The Spatial Ecology of Manta Rays: Movement, Habitat Use and Connectivity

 2016 - 2021

Dr. Asia Ono Armstrong (Haines)

Keywords: Mobulid • Elasmobranch • Planktivore • Zooplanktivore • Movement Ecology • Foraging Threshold • Animal Aggregation • Citizen Science • Mutualism • Artificial Intelligence • Megafauna • Movement Ecology • Acoustic Tracking • Animal Navigation • Coral Reef • Location Accuracy • VEMCO Positioning System • Foraging Ecology • Undinula • ZooScan • Home Range • Animal Movement • Population Connectivity • Photo-ID • Great Barrier Reef • Elasmobranch • Dispersal Capacity • Reef Manta Ray • Citizen Science • Connectivity • Species Distribution Range • Machine Learning • Population Structure • Animal Patterns • Spatial Ecology

Abstract

“Understanding the movements and habitat use of manta rays is key to improving the conservation status and management of these highly mobile, threatened species. Here I investigate the spatial ecology of reef manta rays Mobula alfredi and oceanic manta rays M. birostris, from their fine- scale habitat use, to their global scale connectivity. The drivers of individual M. alfredi fine-scale movements and habitat use were investigated at the reef off Lady Elliot Island, Great Barrier Reef. An array of acoustic listening stations was deployed around a high-use cleaning station area to monitor 42 acoustically-tagged rays. In-water surveys, conducted on SCUBA, mapped structural features within the array, and determined the number of cleaner wrasse Labroides dimidiatus and their location (cleaning stations). Space use by M. alfredi was significantly associated with L. dimidiatus distribution and hard coral structures. Manta rays visited these sites during daylight hours, with use affected by certain wind and tidal regimes. Cleaning behaviour dominated at this location, taking precedence over other behavioural traits, providing evidence that cleaning station attendance is a driver of reef visitation for this species.

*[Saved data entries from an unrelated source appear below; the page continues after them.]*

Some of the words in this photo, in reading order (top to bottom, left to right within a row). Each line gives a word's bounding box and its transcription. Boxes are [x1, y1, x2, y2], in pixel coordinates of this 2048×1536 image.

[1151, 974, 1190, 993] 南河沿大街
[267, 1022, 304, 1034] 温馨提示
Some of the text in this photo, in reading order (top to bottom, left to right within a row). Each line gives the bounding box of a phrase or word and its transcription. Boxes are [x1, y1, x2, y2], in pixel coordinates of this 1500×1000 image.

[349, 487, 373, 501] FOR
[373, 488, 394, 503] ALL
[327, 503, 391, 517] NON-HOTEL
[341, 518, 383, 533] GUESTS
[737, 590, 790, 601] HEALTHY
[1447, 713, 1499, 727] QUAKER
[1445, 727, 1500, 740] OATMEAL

To determine what may drive foraging aggregations of manta rays in surface waters, the food environment for M. alfredi in Hanifaru Bay, Maldives was investigated. This location acts to attract the largest known feeding aggregation of this species. Zooplankton dynamics in relation to manta ray presence, abundance and behaviour in the bay were sampled and analysed. It was found that M. alfredi was more abundant and fed more regularly when zooplankton biomass in the Bay was high. The prey density threshold for when manta rays were more likely to be feeding was established. This prey density was more than twice that calculated to meet their theoretical energy requirements, and more than four times that observed at other surface feeding sites for large planktivores. Also, the zooplankton community was significantly different between when manta rays were feeding, and when they were not. The dominant zooplankton species present when M. alfredi was feeding was of oceanic origin, which infers that intrusions of oceanic water occur at the site.

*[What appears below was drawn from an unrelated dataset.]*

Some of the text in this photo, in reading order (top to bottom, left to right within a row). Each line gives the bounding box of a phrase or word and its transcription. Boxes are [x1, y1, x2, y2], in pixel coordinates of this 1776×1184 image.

Citizen science and photo-identification (photo-ID) were used to update the known distance of travel for reef manta rays. Individual M. alfredi were confirmed to make point-to-point movements of over 1,150 km along the east coast of Australia – a significant extension of the known distance that this species may travel. Movements of this magnitude demonstrate that M. alfredi is clearly capable of making movements across jurisdictional boundaries where they may be subject to differing levels of protection. Non-traditional data collection approaches were used to update the distribution of both M. alfredi and M. birostris around the Australian coastline through a combination of: photo-ID databases; online sightings via social media channels (youtube, facebook, Instagram, vimeo etc); government records and; aerial surveys. A semi-continuous distribution of M. alfredi around the northern extent of the Australian coast, and along both east and west coastlines to approximately 30°S was found. Relatively sparse sighting records of M. birostris were used to explore the distribution of this less understood species in Australian waters.

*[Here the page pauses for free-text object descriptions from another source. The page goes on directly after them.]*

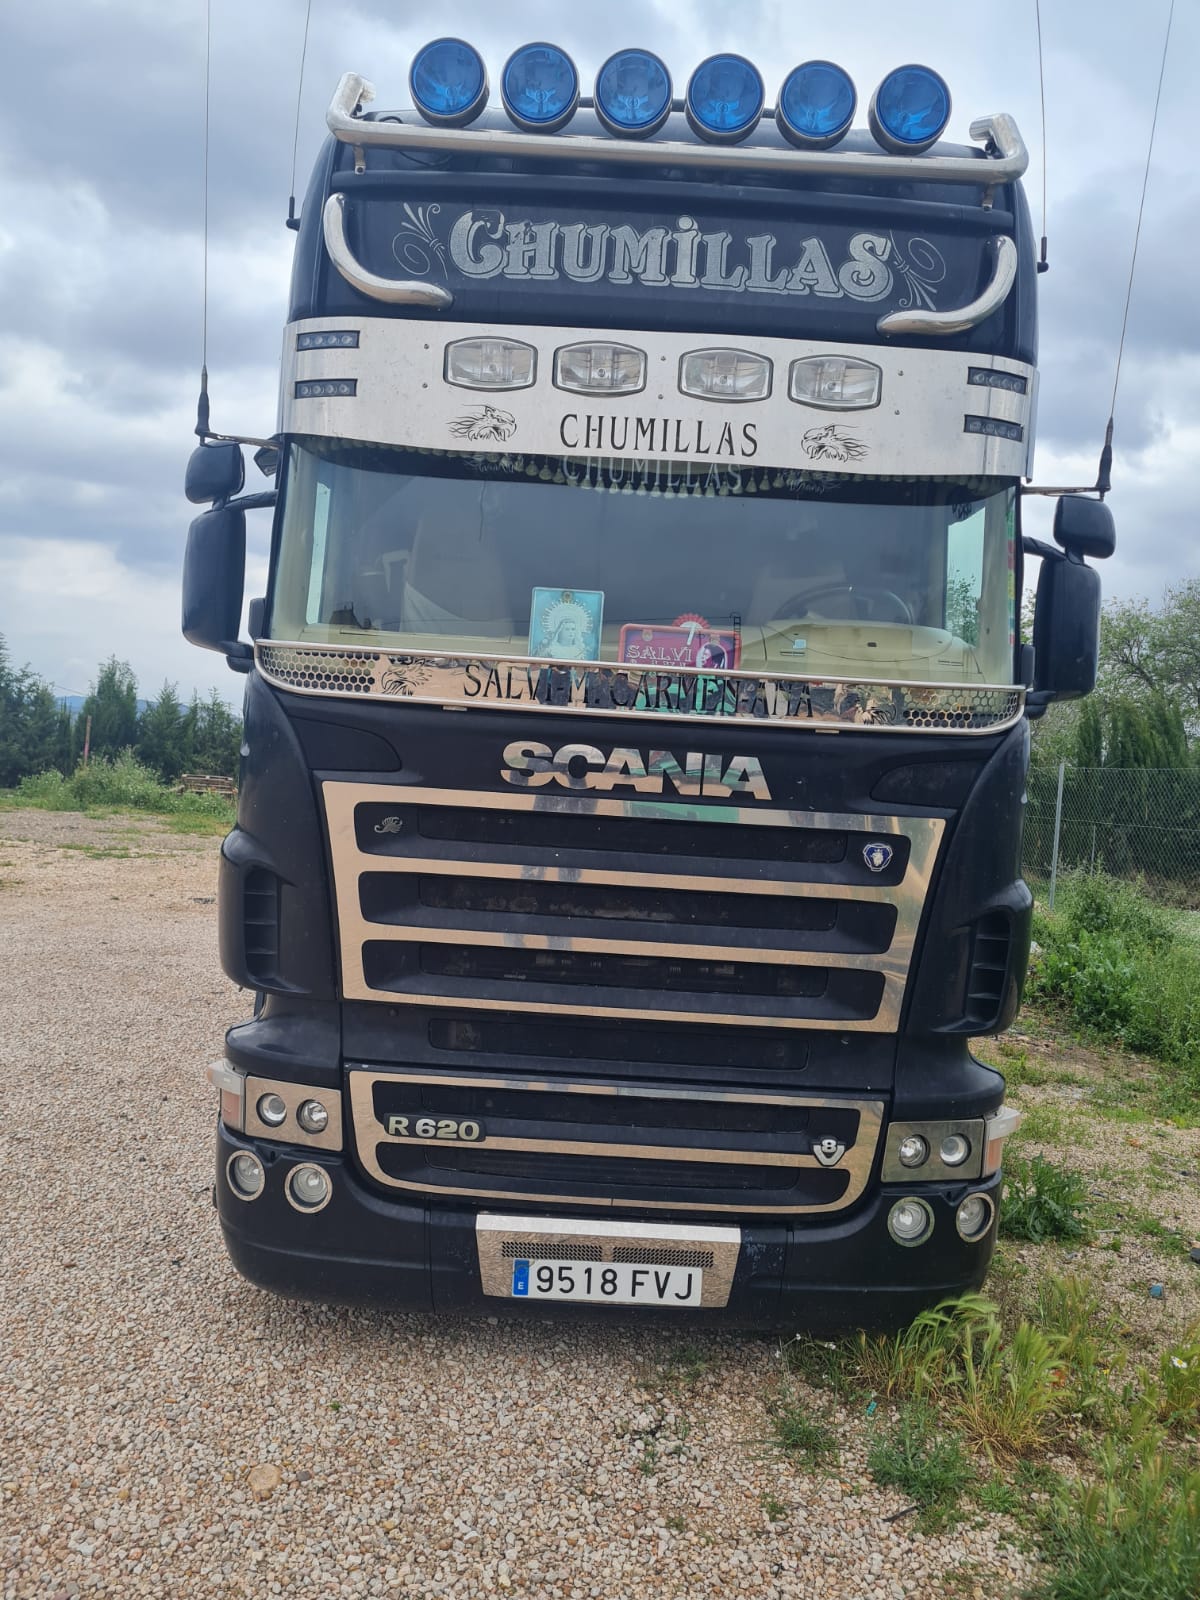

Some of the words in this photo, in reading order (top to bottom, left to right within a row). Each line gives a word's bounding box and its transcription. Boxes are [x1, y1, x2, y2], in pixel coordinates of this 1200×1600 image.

[559, 413, 758, 458] CHUMILLAS
[626, 645, 692, 662] SALVI
[499, 740, 772, 800] SCANIA
[388, 1116, 409, 1136] R
[415, 1118, 480, 1141] 620
[517, 1281, 525, 1291] E
[536, 1265, 618, 1296] 9518
[631, 1269, 693, 1300] FVJ

On a global-scale, 52 photo-ID databases that contained images of 17,135 individuals of both M. alfredi and M. birostris were used to explore whether phenotypic traits could provide evidence of connectivity (or isolation) among geographically separated populations. A quantitative analysis of spot patterns on the ventral surface of each species was performed using machine learning and convolutional neural networks. The analyses indicated that spot patterns do differ significantly among regional populations, in support of known isolation or connectivity among populations based on pre-existing genetic and photo-ID information. However, high within-population variability suggests caution should be applied when using this approach. Further analysis, and development of the approach may provide insight into questions such as the heritability of spot patterns and familial lineages.

Through a variety of methodological approaches, questions about the spatial ecology of these large planktivorous rays, were answered. The findings in this thesis are of value in our overall understanding of the species – from the drivers of local-scale habitat use, to regional and global distributions.”